Ill woman cheered by offers of aid

By Ronald W. Powell
STAFF WRITER

December 24, 2005

Jo A. Del Rio began the holiday season in despair but found herself heartened this Christmas by the support of strangers and former co-workers.

Dozens of San Diegans have offered to help Del Rio, a scientific researcher who is living at the San Diego Rescue Mission because numerous medical problems have left her unable to work and nearly broke.

Her story was published Sunday in The San Diego Union-Tribune, and an unnamed donor responded by offering to pay her rent for a year. Other readers have offered financial assistance.

Del Rio is looking for an apartment that will allow her to reunite with her six cats that she placed in foster care before entering the mission Nov. 2. She was hoping to have a place by Christmas, "but it looks like that will be pushing it," she said.

"I feel so much more optimistic," said Del Rio, 51, who earned a doctorate in pharmacology and toxicology from the University of California Irvine and worked at the Salk Institute and Merck & Co. "Wow. I'm surprised at how many people have reached out to help."

Some donors are former colleagues who didn't know about her troubles. She worked in a Salk laboratory from November 1999 to summer 2002, making $38,000 a year, then at Merck from September 2002 until January 2004, where she made $80,000 a year.

"It was so great to hear from my former colleagues," she said.

Del Rio was laid off from Merck in a companywide downsizing. She volunteered as a researcher at Salk until March 2004, when she was hospitalized with bleeding in her lungs.

Since then, she has been hospitalized 15 times, including once for a heart attack, and requires supplemental oxygen 24 hours a day. Last year, one of her doctors told her she would have only two years to live because of the severity of her lung condition.

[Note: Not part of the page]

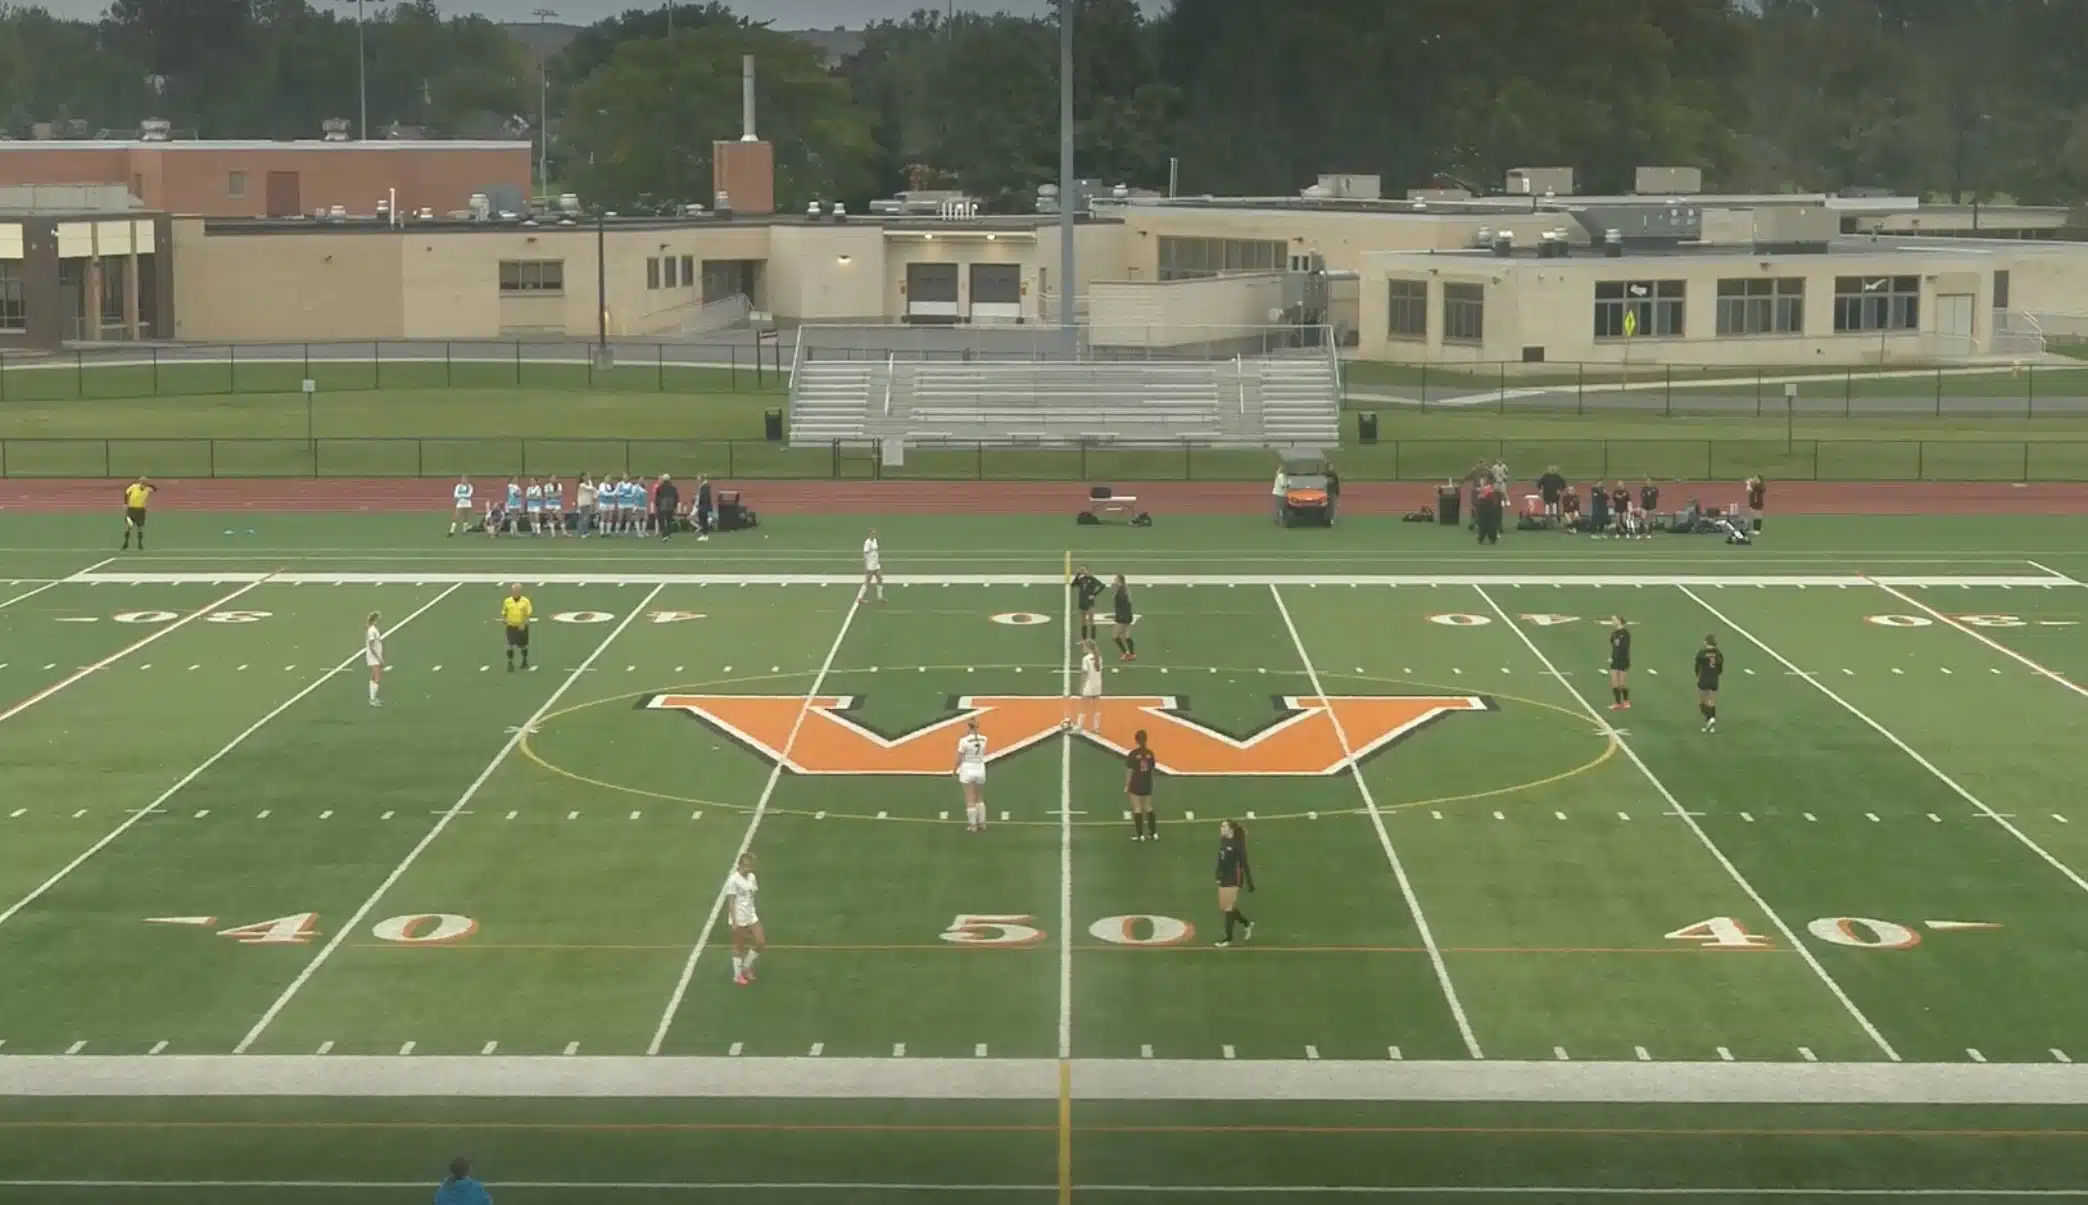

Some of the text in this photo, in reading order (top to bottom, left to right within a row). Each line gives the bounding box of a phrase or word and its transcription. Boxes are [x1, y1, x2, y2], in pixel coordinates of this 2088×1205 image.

[215, 912, 478, 943] 40
[938, 914, 1196, 946] 50
[1664, 917, 1921, 949] 40

She requires weekly medical visits and lives on $812 a month from Social Security Insurance.

Del Rio said she was particularly touched by a phone call she received from someone starting up a research firm who was interested in hiring her part time.

"I never thought I'd be able to work again," Del Rio said. "I'd love to be able to work again."

Jim Jackson, president of the San Diego Rescue Mission, said Del Rio's story struck a chord with the public.

"I think she is a demonstration that homeless people are like us," Jackson said. "She is an example of someone, who with no fault of her own, found (herself) in dire straits."

Jackson said charitable giving is down for the last months of this year at his and other nonprofits after the public made donations to victims of Hurricane Katrina, the Pakistani earthquake and the Indian Ocean tsunami.

Donations at the Rescue Mission are down $230,000 from the same period last September, October and November, Jackson said. The mission has a $12 million annual budget, of which $4.4 million comes from cash donations.

The outpouring of concern for Del Rio shows that people overcame "disaster fatigue" and were willing to donate to a local individual in need during the holidays, he said.

"This is the time of year when you think about others," Jackson said. "People are generous and they want to help."

John Thelen, project director at the Regional Task Force on the Homeless, agreed that the holiday season played a role in the support for Del Rio. It may also indicate the "giving curve" may be on the way up again.

"But more than that, this is a feel-good story," Thelen said of Del Rio. "Some people may be giving and thinking that if she has a better future, she may reach back and help others who are homeless."